§ **Data shown**:
- - -

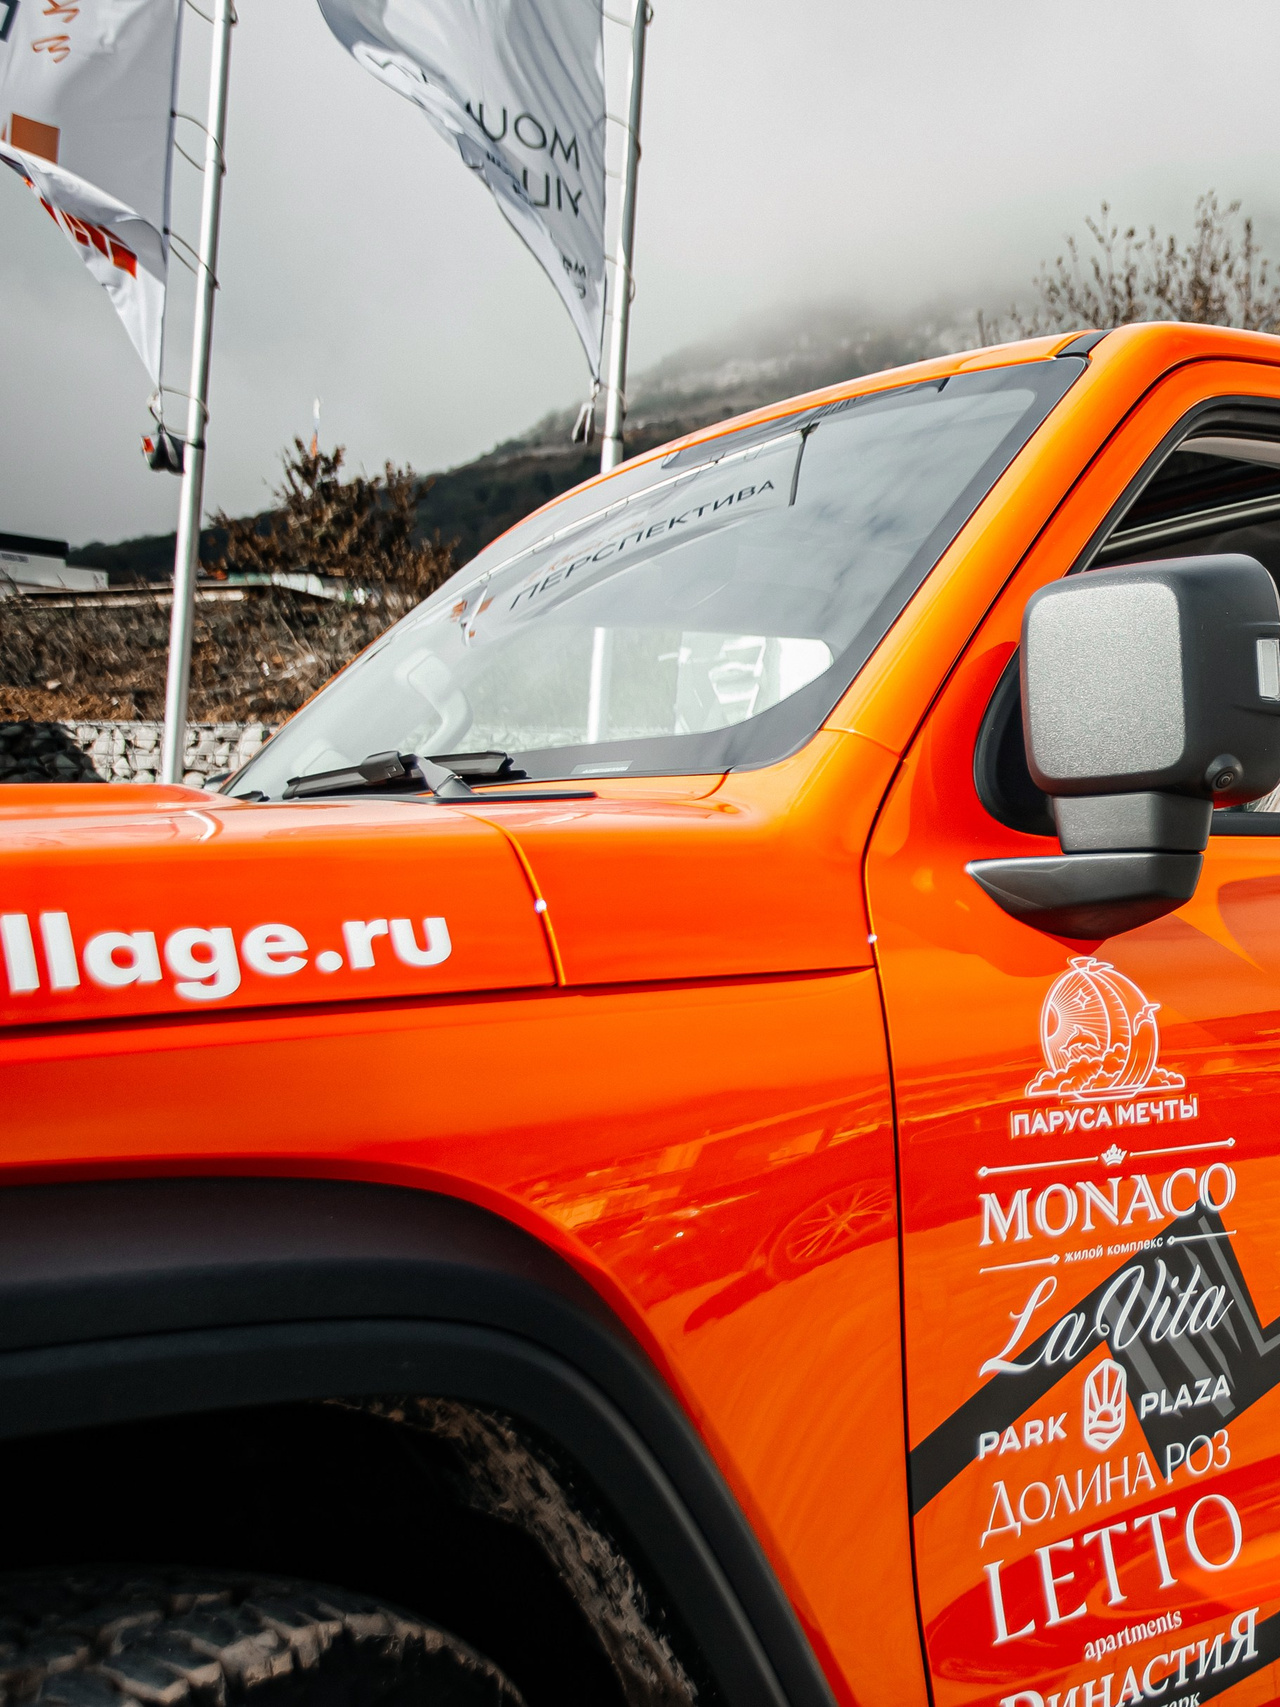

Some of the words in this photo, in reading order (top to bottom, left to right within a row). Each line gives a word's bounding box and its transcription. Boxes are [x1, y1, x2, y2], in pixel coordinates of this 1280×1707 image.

[509, 479, 775, 611] ПЕРСПЕКТИВА
[1, 911, 453, 1000] llage.ru
[1012, 1106, 1112, 1138] ПАРУСА
[1117, 1096, 1198, 1127] МЕЧТЫ
[977, 1162, 1238, 1247] MONACO
[1064, 1245, 1104, 1263] жилой
[1106, 1236, 1164, 1257] комплекс
[979, 1275, 1097, 1378] La
[1095, 1258, 1235, 1350] Vita
[978, 1411, 1069, 1461] PARK
[1139, 1373, 1232, 1421] PLAZA
[980, 1450, 1157, 1549] ДОЛИНА
[1165, 1428, 1232, 1484] РОЗ
[983, 1493, 1244, 1647] LETTO
[999, 1606, 1260, 1707] НАСТИЯ
[1083, 1609, 1183, 1663] apartments
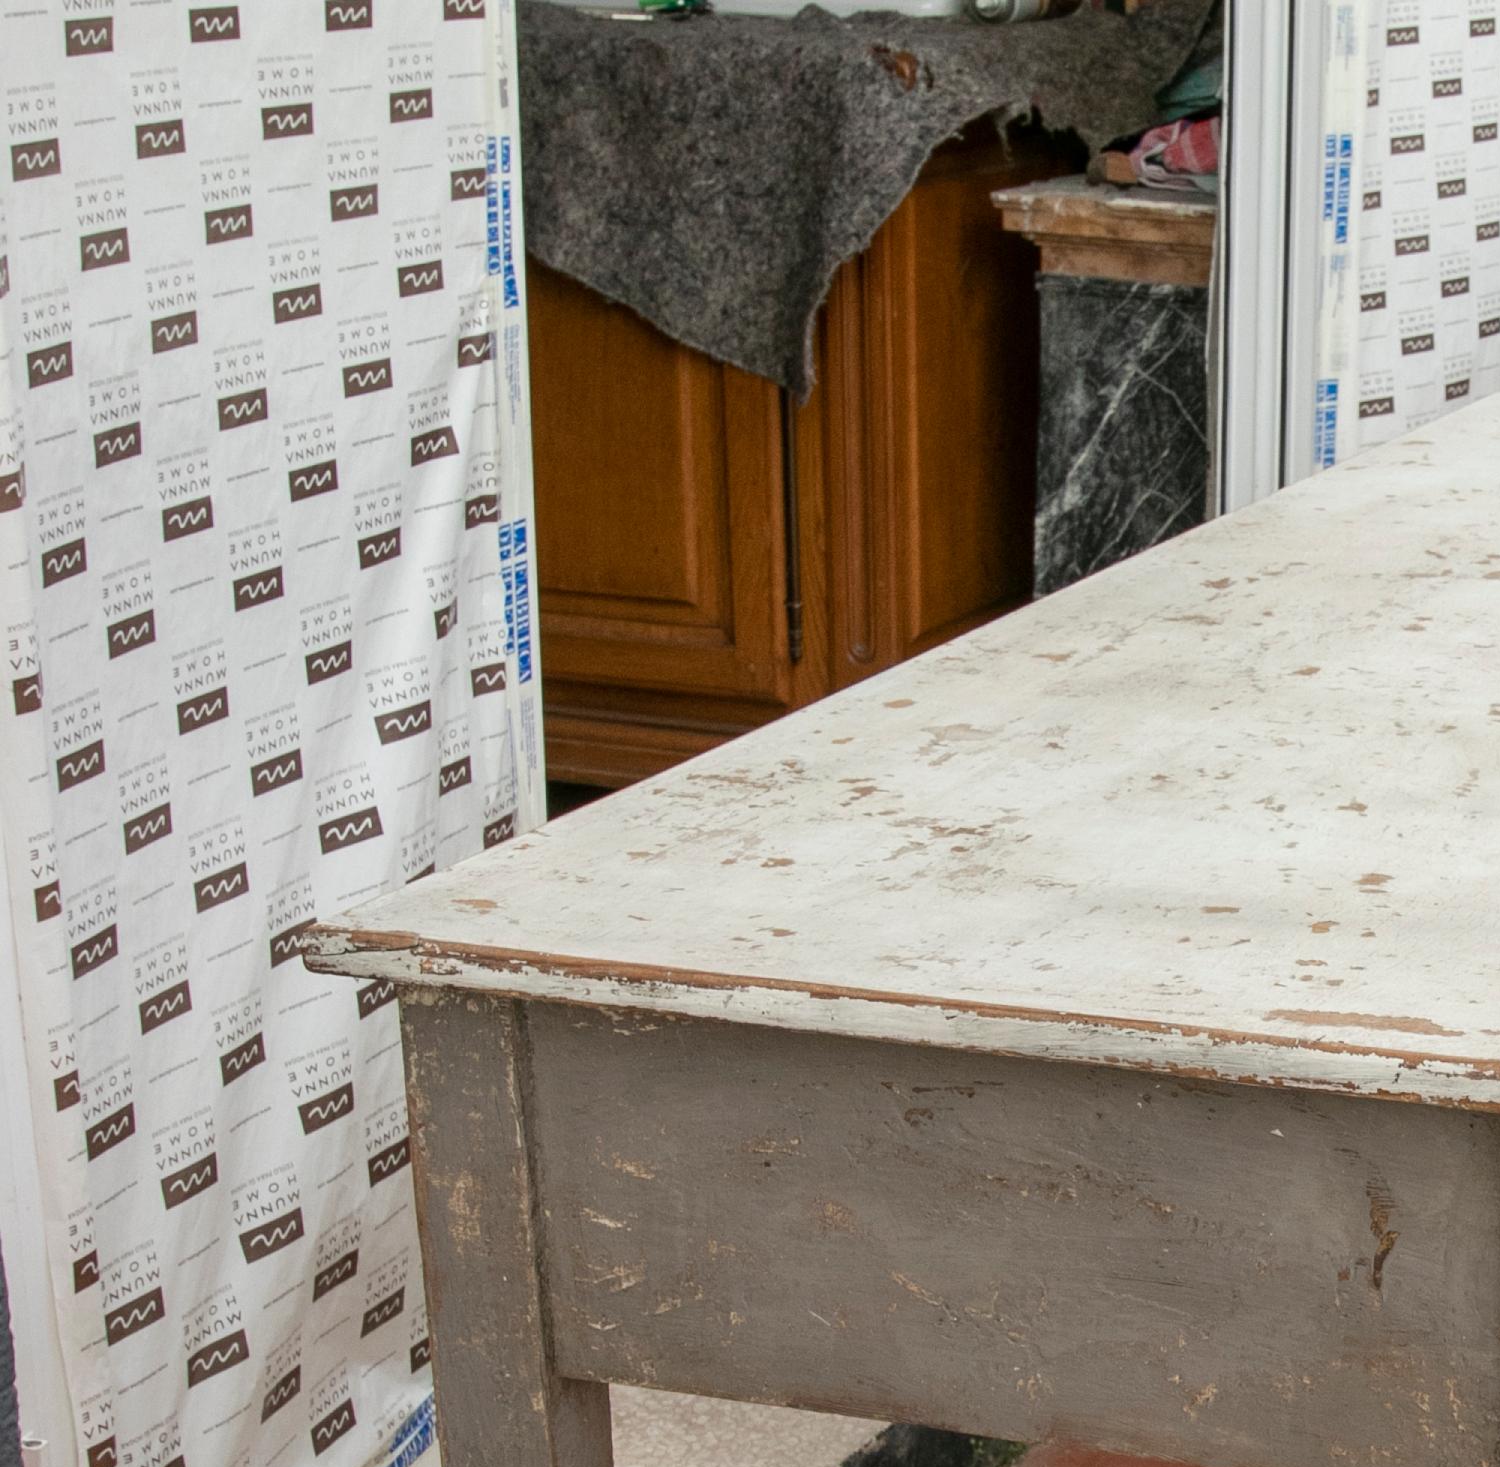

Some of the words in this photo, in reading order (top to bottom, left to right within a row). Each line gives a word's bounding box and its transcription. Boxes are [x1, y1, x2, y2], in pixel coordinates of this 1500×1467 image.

[388, 54, 433, 66] HOME
[258, 67, 313, 81] HOME
[388, 70, 433, 83] MUNNA
[132, 80, 180, 97] HOME
[258, 84, 314, 99] MUNNA
[8, 96, 55, 116] HOME
[133, 99, 181, 116] MUNNA
[8, 117, 58, 136] MUNNA
[327, 149, 379, 165] HOME
[201, 168, 250, 185] HOME
[328, 166, 379, 182] MUNNA
[75, 189, 125, 208] HOME
[202, 185, 251, 203] MUNNA
[77, 207, 127, 227] MUNNA
[394, 226, 441, 243] HOME
[268, 248, 319, 267] HOME
[395, 242, 442, 259] MUNNA
[146, 273, 195, 293] HOME
[270, 265, 320, 284] MUNNA
[22, 302, 70, 324] HOME
[148, 291, 197, 311] MUNNA
[24, 320, 72, 343] MUNNA
[338, 323, 389, 343] HOME
[339, 339, 390, 360] MUNNA
[214, 352, 264, 373] HOME
[215, 369, 266, 390] MUNNA
[89, 384, 140, 407] HOME
[90, 401, 141, 425] MUNNA
[409, 408, 451, 429] MUNNA
[284, 424, 334, 446] HOME
[285, 441, 336, 464] MUNNA
[158, 459, 208, 483] HOME
[159, 476, 210, 501] MUNNA
[38, 499, 84, 526] HOME
[354, 493, 402, 516] HOME
[39, 517, 86, 544] MUNNA
[355, 509, 402, 532] MUNNA
[229, 531, 280, 555] HOME
[230, 547, 282, 572] MUNNA
[102, 572, 151, 599] HOME
[103, 589, 153, 617] MUNNA
[301, 606, 351, 632] HOME
[514, 560, 533, 685] FABRICA
[302, 621, 352, 647] MUNNA
[173, 650, 225, 678] HOME
[174, 667, 227, 695] MUNNA
[367, 667, 429, 693] HOME
[369, 681, 430, 708] MUNNA
[52, 702, 100, 733] HOME
[246, 714, 298, 742] HOME
[53, 720, 102, 750] MUNNA
[248, 730, 300, 758] MUNNA
[119, 766, 168, 797] HOME
[315, 773, 370, 802] HOME
[121, 783, 169, 814] MUNNA
[316, 788, 375, 817] MUNNA
[189, 827, 243, 858] HOME
[190, 843, 245, 874] MUNNA
[267, 884, 312, 916] HOME
[68, 904, 118, 940] MUNNA
[267, 899, 315, 931] MUNNA
[135, 945, 186, 979] HOME
[136, 960, 188, 995] MUNNA
[216, 1014, 263, 1048] MUNNA
[288, 1050, 350, 1083] HOME
[292, 1064, 351, 1098] MUNNA
[83, 1083, 133, 1121] MUNNA
[153, 1118, 214, 1155] HOME
[156, 1133, 215, 1171] MUNNA
[232, 1174, 297, 1211] HOME
[234, 1189, 300, 1226] MUNNA
[185, 1311, 242, 1352] MUNNA
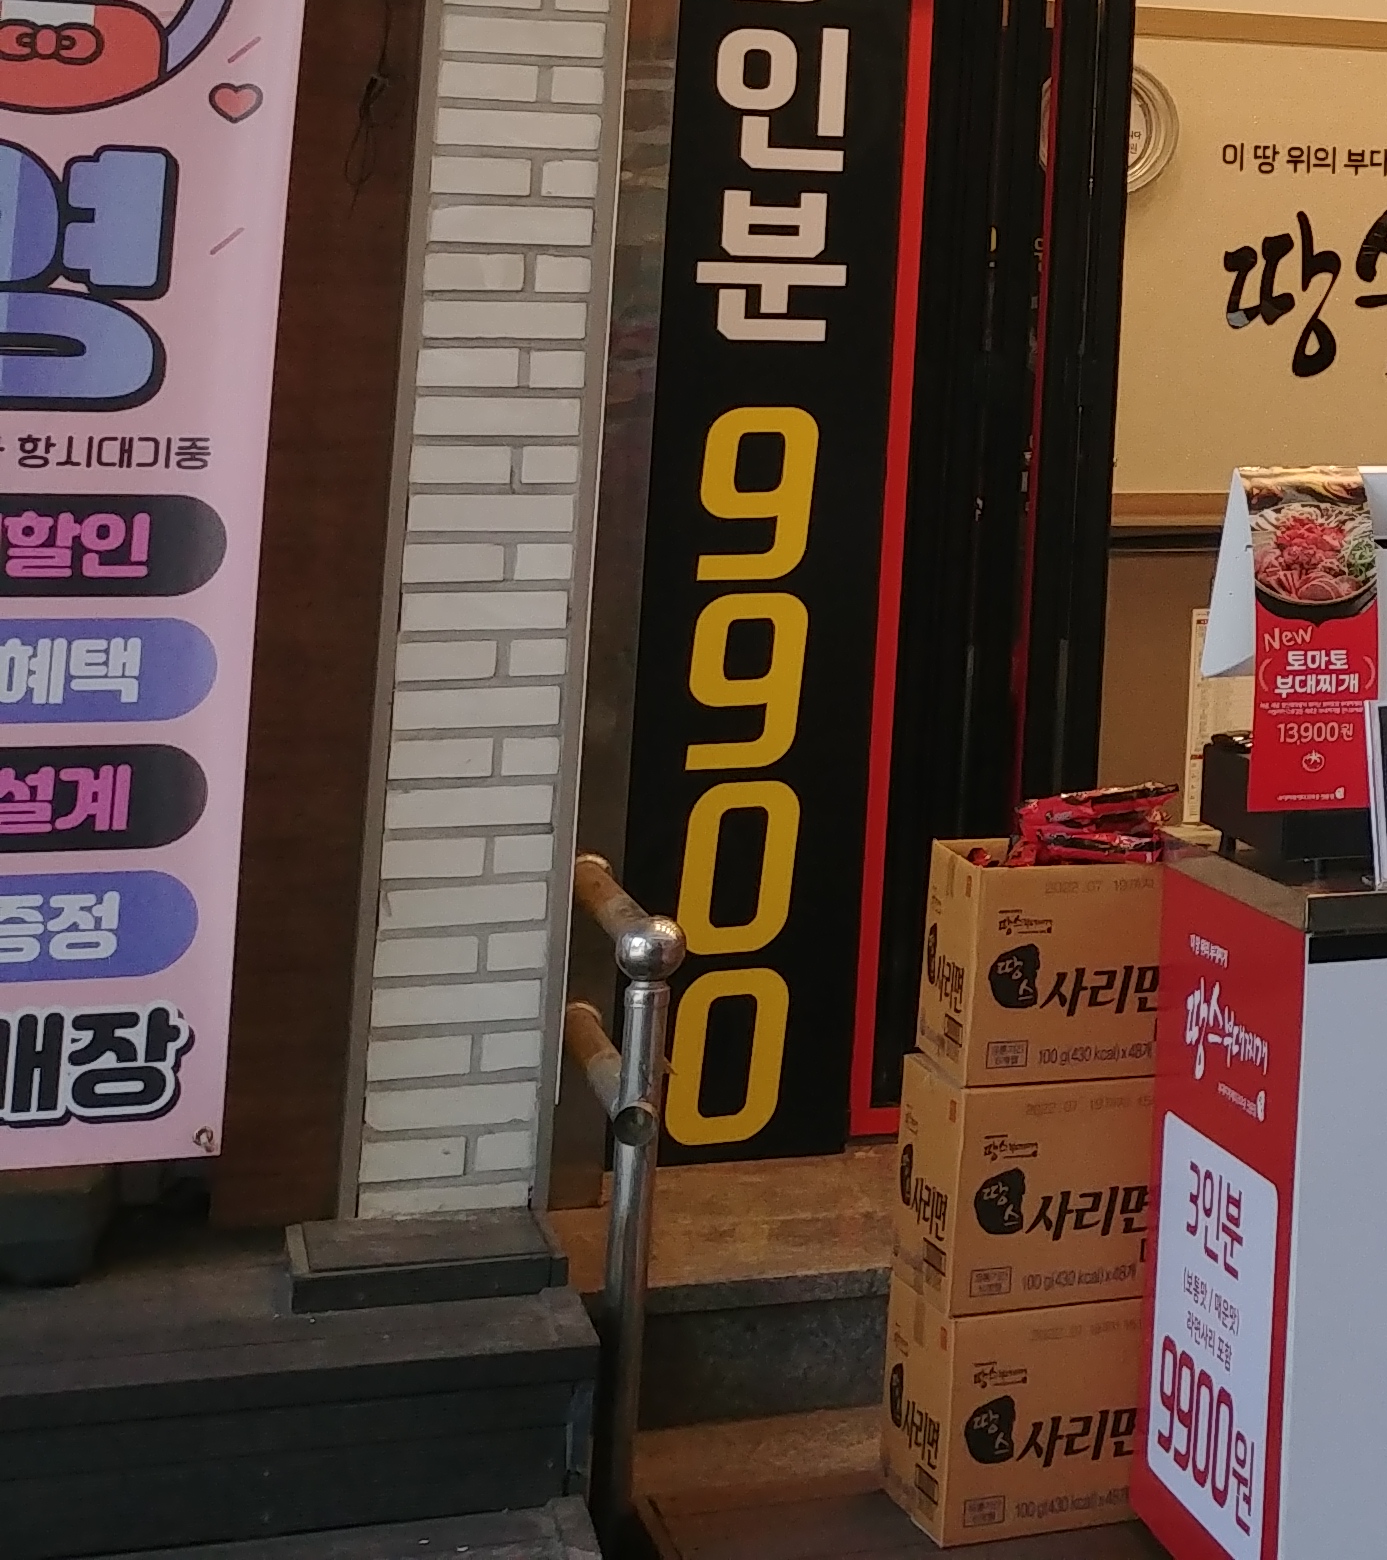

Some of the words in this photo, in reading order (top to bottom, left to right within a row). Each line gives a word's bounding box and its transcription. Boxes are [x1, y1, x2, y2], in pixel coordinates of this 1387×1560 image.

[1221, 143, 1245, 172] 이
[1253, 144, 1280, 174] 땅
[1285, 146, 1338, 175] 위의
[1263, 625, 1313, 652] New
[1285, 649, 1349, 671] 토마토
[1273, 672, 1359, 699] 부대찌개
[663, 405, 823, 1149] 9900
[1186, 1158, 1246, 1281] 3인분

- - -

§ **Directions**: Except for the pictures, give all the material above again verbatim.

§ **Answer space**:
Some of the words in this photo, in reading order (top to bottom, left to right within a row). Each line gives a word's bounding box and its transcription. Boxes are [x1, y1, x2, y2], in pixel coordinates of this 1280×1707 image.

[509, 479, 775, 611] ПЕРСПЕКТИВА
[1, 911, 453, 1000] llage.ru
[1012, 1106, 1112, 1138] ПАРУСА
[1117, 1096, 1198, 1127] МЕЧТЫ
[977, 1162, 1238, 1247] MONACO
[1064, 1245, 1104, 1263] жилой
[1106, 1236, 1164, 1257] комплекс
[979, 1275, 1097, 1378] La
[1095, 1258, 1235, 1350] Vita
[978, 1411, 1069, 1461] PARK
[1139, 1373, 1232, 1421] PLAZA
[980, 1450, 1157, 1549] ДОЛИНА
[1165, 1428, 1232, 1484] РОЗ
[983, 1493, 1244, 1647] LETTO
[999, 1606, 1260, 1707] НАСТИЯ
[1083, 1609, 1183, 1663] apartments

Some of the words in this photo, in reading order (top to bottom, left to right within a row). Each line gives a word's bounding box and its transcription. Boxes are [x1, y1, x2, y2], in pixel coordinates of this 1500×1467 image.

[388, 54, 433, 66] HOME
[258, 67, 313, 81] HOME
[388, 70, 433, 83] MUNNA
[132, 80, 180, 97] HOME
[258, 84, 314, 99] MUNNA
[8, 96, 55, 116] HOME
[133, 99, 181, 116] MUNNA
[8, 117, 58, 136] MUNNA
[327, 149, 379, 165] HOME
[201, 168, 250, 185] HOME
[328, 166, 379, 182] MUNNA
[75, 189, 125, 208] HOME
[202, 185, 251, 203] MUNNA
[77, 207, 127, 227] MUNNA
[394, 226, 441, 243] HOME
[268, 248, 319, 267] HOME
[395, 242, 442, 259] MUNNA
[146, 273, 195, 293] HOME
[270, 265, 320, 284] MUNNA
[22, 302, 70, 324] HOME
[148, 291, 197, 311] MUNNA
[24, 320, 72, 343] MUNNA
[338, 323, 389, 343] HOME
[339, 339, 390, 360] MUNNA
[214, 352, 264, 373] HOME
[215, 369, 266, 390] MUNNA
[89, 384, 140, 407] HOME
[90, 401, 141, 425] MUNNA
[409, 408, 451, 429] MUNNA
[284, 424, 334, 446] HOME
[285, 441, 336, 464] MUNNA
[158, 459, 208, 483] HOME
[159, 476, 210, 501] MUNNA
[38, 499, 84, 526] HOME
[354, 493, 402, 516] HOME
[39, 517, 86, 544] MUNNA
[355, 509, 402, 532] MUNNA
[229, 531, 280, 555] HOME
[230, 547, 282, 572] MUNNA
[102, 572, 151, 599] HOME
[103, 589, 153, 617] MUNNA
[301, 606, 351, 632] HOME
[514, 560, 533, 685] FABRICA
[302, 621, 352, 647] MUNNA
[173, 650, 225, 678] HOME
[174, 667, 227, 695] MUNNA
[367, 667, 429, 693] HOME
[369, 681, 430, 708] MUNNA
[52, 702, 100, 733] HOME
[246, 714, 298, 742] HOME
[53, 720, 102, 750] MUNNA
[248, 730, 300, 758] MUNNA
[119, 766, 168, 797] HOME
[315, 773, 370, 802] HOME
[121, 783, 169, 814] MUNNA
[316, 788, 375, 817] MUNNA
[189, 827, 243, 858] HOME
[190, 843, 245, 874] MUNNA
[267, 884, 312, 916] HOME
[68, 904, 118, 940] MUNNA
[267, 899, 315, 931] MUNNA
[135, 945, 186, 979] HOME
[136, 960, 188, 995] MUNNA
[216, 1014, 263, 1048] MUNNA
[288, 1050, 350, 1083] HOME
[292, 1064, 351, 1098] MUNNA
[83, 1083, 133, 1121] MUNNA
[153, 1118, 214, 1155] HOME
[156, 1133, 215, 1171] MUNNA
[232, 1174, 297, 1211] HOME
[234, 1189, 300, 1226] MUNNA
[185, 1311, 242, 1352] MUNNA

Some of the words in this photo, in reading order (top to bottom, left to right within a row). Each line gives a word's bounding box and its transcription. Boxes are [x1, y1, x2, y2], in pixel coordinates of this 1387×1560 image.

[1221, 143, 1245, 172] 이
[1253, 144, 1280, 174] 땅
[1285, 146, 1338, 175] 위의
[1263, 625, 1313, 652] New
[1285, 649, 1349, 671] 토마토
[1273, 672, 1359, 699] 부대찌개
[663, 405, 823, 1149] 9900
[1186, 1158, 1246, 1281] 3인분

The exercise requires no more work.